CD4T cell membrane-based nanocomposites for enhanced dual epigenetic therapy in psoriasis.

Psoriasis is an inflammatory skin disease characterized by keratinocyte hyperproliferation and immune cell infiltration. The IL-17 signaling in Th17 cells is crucial in the pathogenesis of psoriasis. Epigenetic regulation could modulate the IL-17 signaling pathway. However, no effective epigenetic drugs can specifically target IL-17 in Th17 cells for psoriasis treatment. Herein, a CD4T cell biomimetic nanoplatform (HMDC4M) was synthesized for improved dual epigenetic therapy through synergistic suppression of the IL-17 pathway in psoriasis.
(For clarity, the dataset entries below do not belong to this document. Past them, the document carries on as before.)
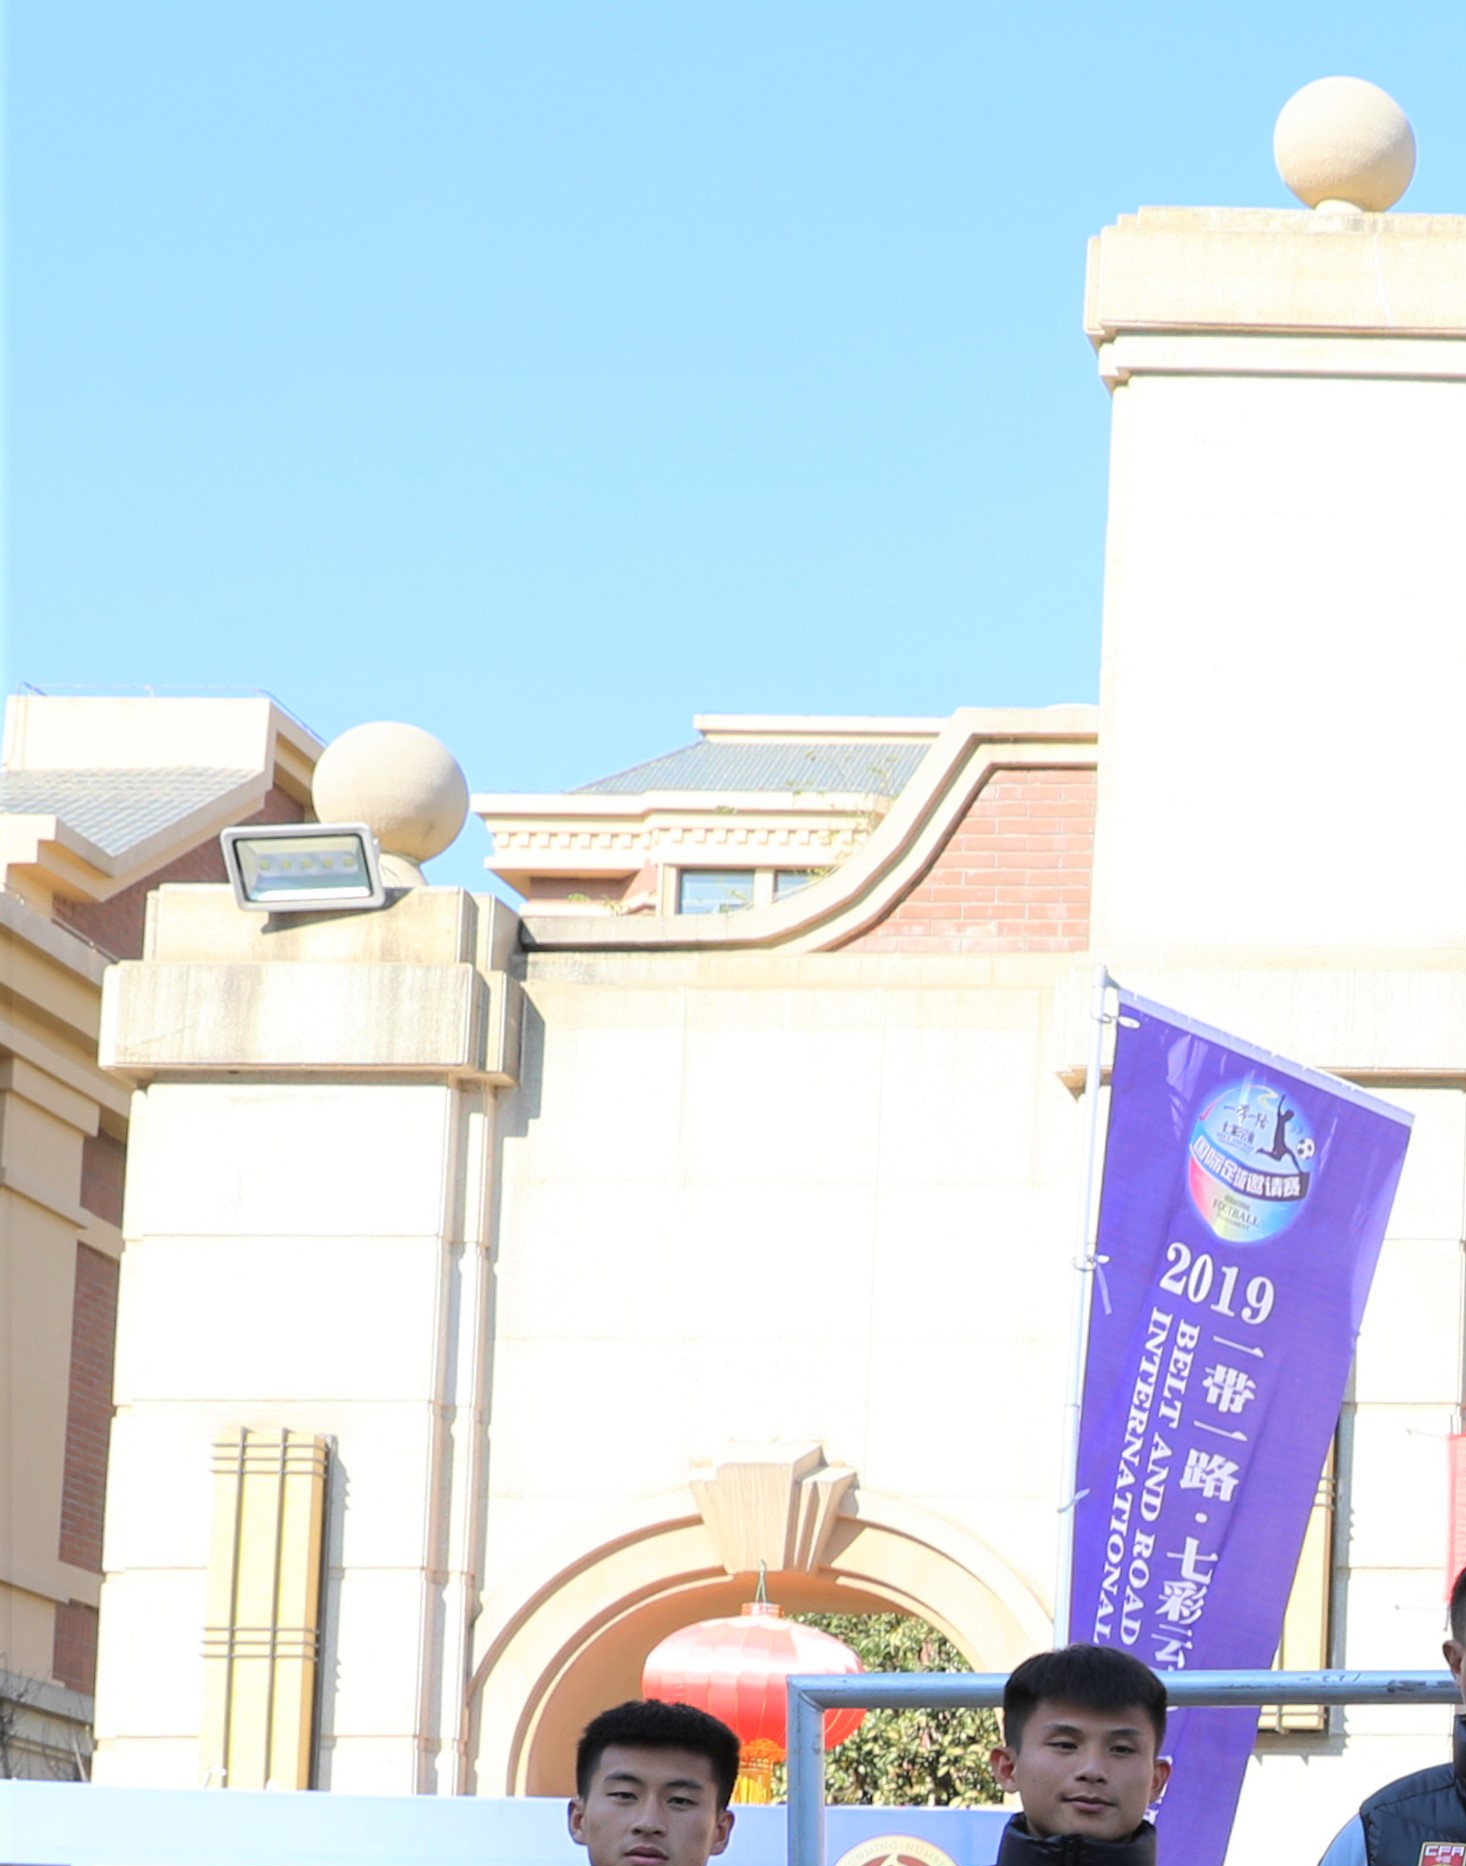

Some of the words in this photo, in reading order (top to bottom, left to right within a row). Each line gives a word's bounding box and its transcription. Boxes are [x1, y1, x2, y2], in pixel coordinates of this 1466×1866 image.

[1158, 1242, 1275, 1325] 2019
[1158, 1318, 1201, 1430] BELT
[1093, 1306, 1174, 1645] INTERNATIONAL
[1140, 1431, 1174, 1523] AND
[1119, 1528, 1157, 1646] ROAD
[1425, 1845, 1465, 1857] CFA
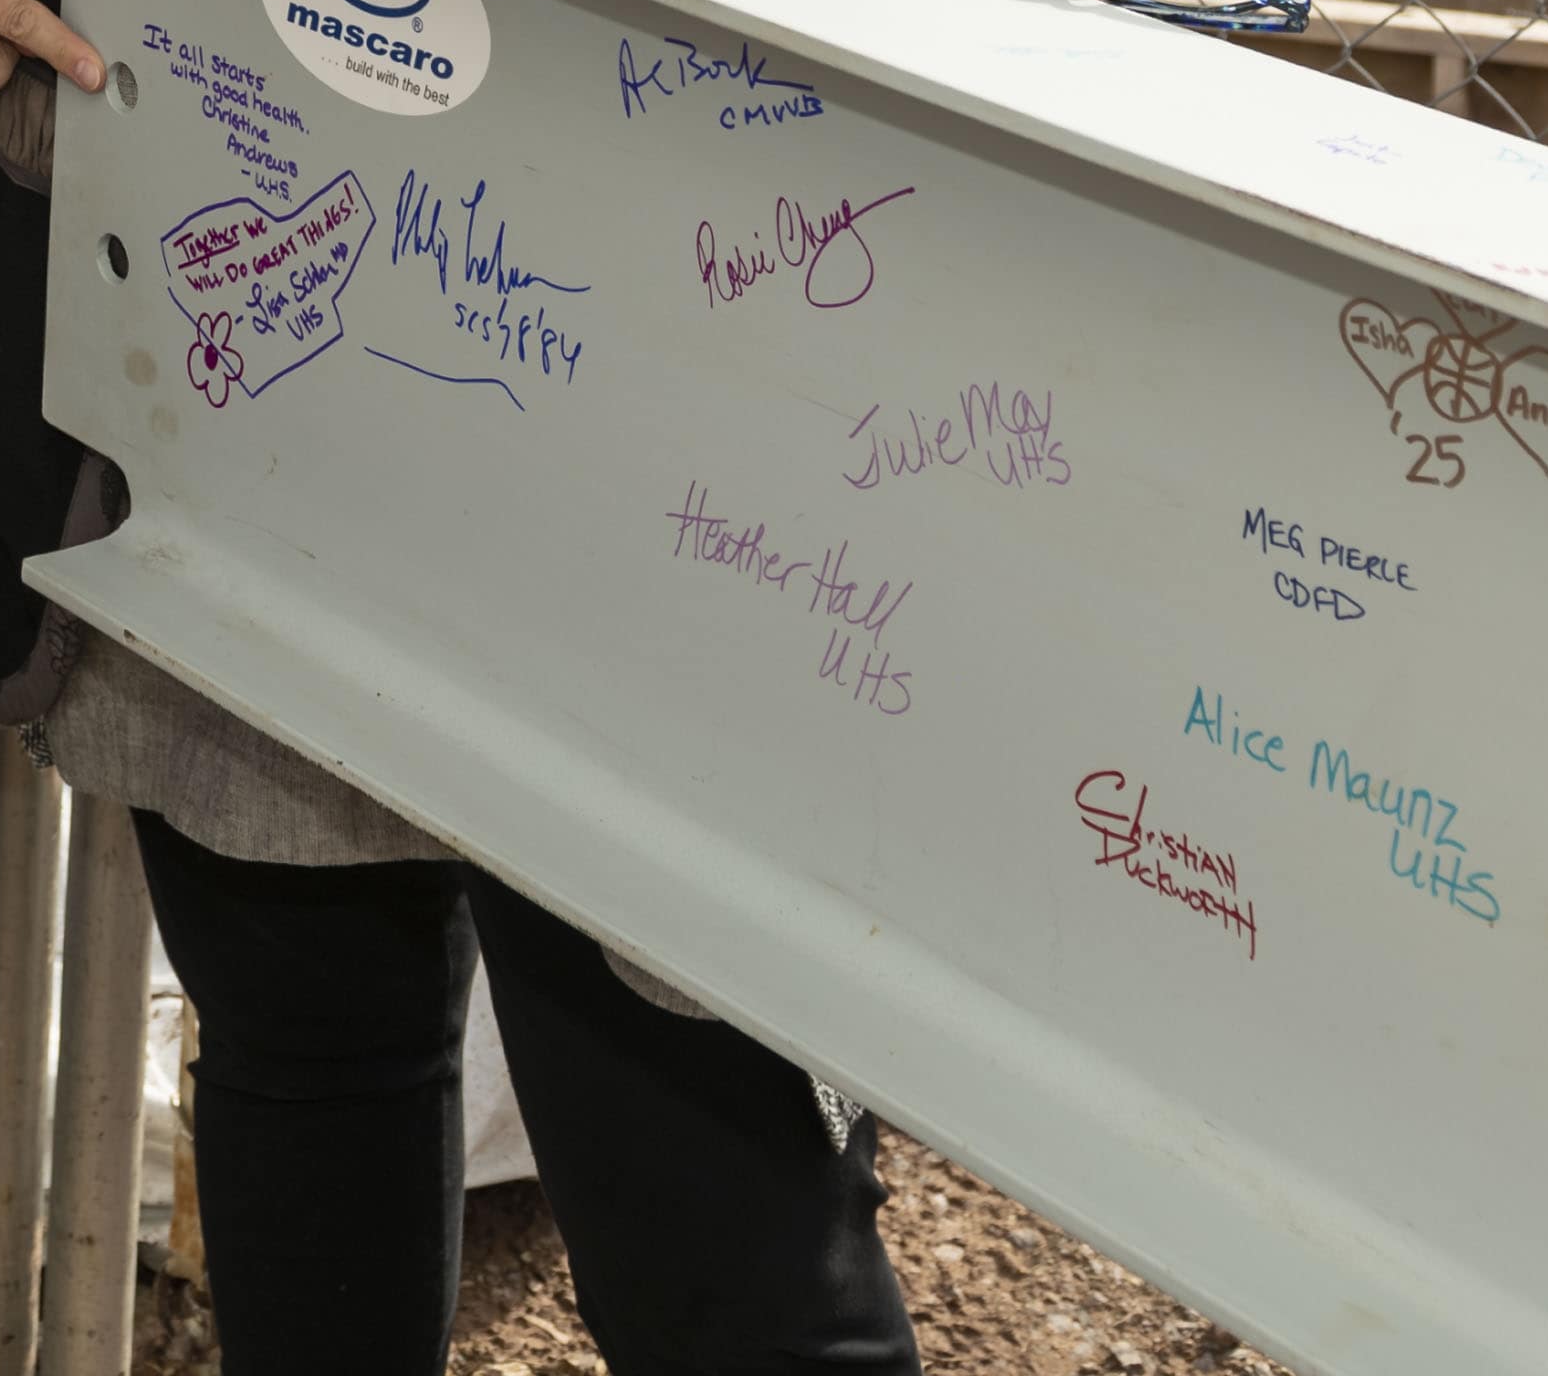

HMDC4M used hollow mesoporous silica as a framework to load two epigenetic drugs, decitabine and SGCCBP30. HMDC4M exhibited skin absorption capability and selectivity to Th17 cells by coating with CD4T cell membrane. Moreover, HMDC4M could competitively bind with IL-23, preventing its interaction with CD4T cells. This inhibited the differentiation of CD4T cells into Th17 cells and suppressed the production of the inflammatory cytokine IL-17. The cell membrane function of HMDC4M synergized with DNA demethylation and histone deacetylation activities, inhibiting Th17 growth. Finally, the therapeutic effects of HMDC4M were validated in an IMQ-induced psoriasis mouse model. HMDC4M significantly inhibited the PASI score, epidermal thickness, hyperplasia, and splenomegaly. This study provided a proof of concept of biomimetic nanoplatform-based nano epigenetic therapy for inflammatory disease, with great promise to achieve superior clinical outcomes. STATEMENT OF SIGNIFICANCE: 1. A CD4+ T cell biomimetic nanoplatform (HMDC4M) was developed. 2 HMDC4M could competitively bind with IL-23, preventing its interaction with CD4+ T cells. 3 HMDC4M could enhance dual epigenetic therapy for targeting Th17 cells in Psoriasis. 4 HMDC4M significantly inhibited the PASI score, epidermal thickness, hyperplasia, and splenomegaly in an IMQ-induced psoriasis mouse model.